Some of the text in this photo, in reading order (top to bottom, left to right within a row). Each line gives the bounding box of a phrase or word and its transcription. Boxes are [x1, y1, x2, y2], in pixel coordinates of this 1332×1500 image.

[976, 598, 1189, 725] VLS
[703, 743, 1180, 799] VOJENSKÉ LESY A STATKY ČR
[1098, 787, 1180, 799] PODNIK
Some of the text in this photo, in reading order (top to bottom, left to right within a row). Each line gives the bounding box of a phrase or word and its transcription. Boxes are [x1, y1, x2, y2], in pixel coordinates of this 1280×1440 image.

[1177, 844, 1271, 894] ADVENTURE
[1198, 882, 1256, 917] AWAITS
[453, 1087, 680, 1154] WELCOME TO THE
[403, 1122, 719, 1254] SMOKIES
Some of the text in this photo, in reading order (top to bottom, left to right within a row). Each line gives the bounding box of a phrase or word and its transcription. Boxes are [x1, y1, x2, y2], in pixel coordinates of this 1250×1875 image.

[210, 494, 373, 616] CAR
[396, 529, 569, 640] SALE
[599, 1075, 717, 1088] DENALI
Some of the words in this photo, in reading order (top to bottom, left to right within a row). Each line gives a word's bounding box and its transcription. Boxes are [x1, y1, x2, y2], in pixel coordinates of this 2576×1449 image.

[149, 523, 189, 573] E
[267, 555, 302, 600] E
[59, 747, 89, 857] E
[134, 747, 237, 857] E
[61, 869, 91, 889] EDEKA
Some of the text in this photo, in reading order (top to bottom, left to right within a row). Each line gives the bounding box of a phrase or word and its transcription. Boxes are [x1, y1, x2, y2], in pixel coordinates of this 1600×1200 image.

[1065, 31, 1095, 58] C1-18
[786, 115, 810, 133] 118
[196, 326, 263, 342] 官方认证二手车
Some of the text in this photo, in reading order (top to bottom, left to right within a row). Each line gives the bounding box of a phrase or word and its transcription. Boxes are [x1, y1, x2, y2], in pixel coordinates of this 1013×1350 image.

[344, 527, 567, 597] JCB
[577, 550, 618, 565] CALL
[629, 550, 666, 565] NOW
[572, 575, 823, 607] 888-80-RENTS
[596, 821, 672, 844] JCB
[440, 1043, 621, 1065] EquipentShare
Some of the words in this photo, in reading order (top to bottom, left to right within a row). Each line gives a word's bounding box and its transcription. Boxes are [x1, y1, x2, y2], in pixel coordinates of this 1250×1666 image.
== == ==
[How to complete this task] Copy out all of the records above with nothing altered.

[Written response]
Some of the text in this photo, in reading order (top to bottom, left to right within a row). Each line gives the bounding box of a phrase or word and its transcription. Boxes are [x1, y1, x2, y2], in pixel coordinates of this 1332×1500 image.

[976, 598, 1189, 725] VLS
[703, 743, 1180, 799] VOJENSKÉ LESY A STATKY ČR
[1098, 787, 1180, 799] PODNIK
Some of the text in this photo, in reading order (top to bottom, left to right within a row). Each line gives the bounding box of a phrase or word and its transcription. Boxes are [x1, y1, x2, y2], in pixel coordinates of this 1280×1440 image.

[1177, 844, 1271, 894] ADVENTURE
[1198, 882, 1256, 917] AWAITS
[453, 1087, 680, 1154] WELCOME TO THE
[403, 1122, 719, 1254] SMOKIES
Some of the text in this photo, in reading order (top to bottom, left to right within a row). Each line gives the bounding box of a phrase or word and its transcription. Boxes are [x1, y1, x2, y2], in pixel coordinates of this 1250×1875 image.

[210, 494, 373, 616] CAR
[396, 529, 569, 640] SALE
[599, 1075, 717, 1088] DENALI
Some of the words in this photo, in reading order (top to bottom, left to right within a row). Each line gives a word's bounding box and its transcription. Boxes are [x1, y1, x2, y2], in pixel coordinates of this 2576×1449 image.

[149, 523, 189, 573] E
[267, 555, 302, 600] E
[59, 747, 89, 857] E
[134, 747, 237, 857] E
[61, 869, 91, 889] EDEKA
Some of the text in this photo, in reading order (top to bottom, left to right within a row). Each line gives the bounding box of a phrase or word and its transcription. Boxes are [x1, y1, x2, y2], in pixel coordinates of this 1600×1200 image.

[1065, 31, 1095, 58] C1-18
[786, 115, 810, 133] 118
[196, 326, 263, 342] 官方认证二手车
Some of the text in this photo, in reading order (top to bottom, left to right within a row). Each line gives the bounding box of a phrase or word and its transcription. Boxes are [x1, y1, x2, y2], in pixel coordinates of this 1013×1350 image.

[344, 527, 567, 597] JCB
[577, 550, 618, 565] CALL
[629, 550, 666, 565] NOW
[572, 575, 823, 607] 888-80-RENTS
[596, 821, 672, 844] JCB
[440, 1043, 621, 1065] EquipentShare
Some of the words in this photo, in reading order (top to bottom, left to right within a row). Each line gives a word's bounding box and its transcription. Boxes are [x1, y1, x2, y2], in pixel coordinates of this 1250×1666 image.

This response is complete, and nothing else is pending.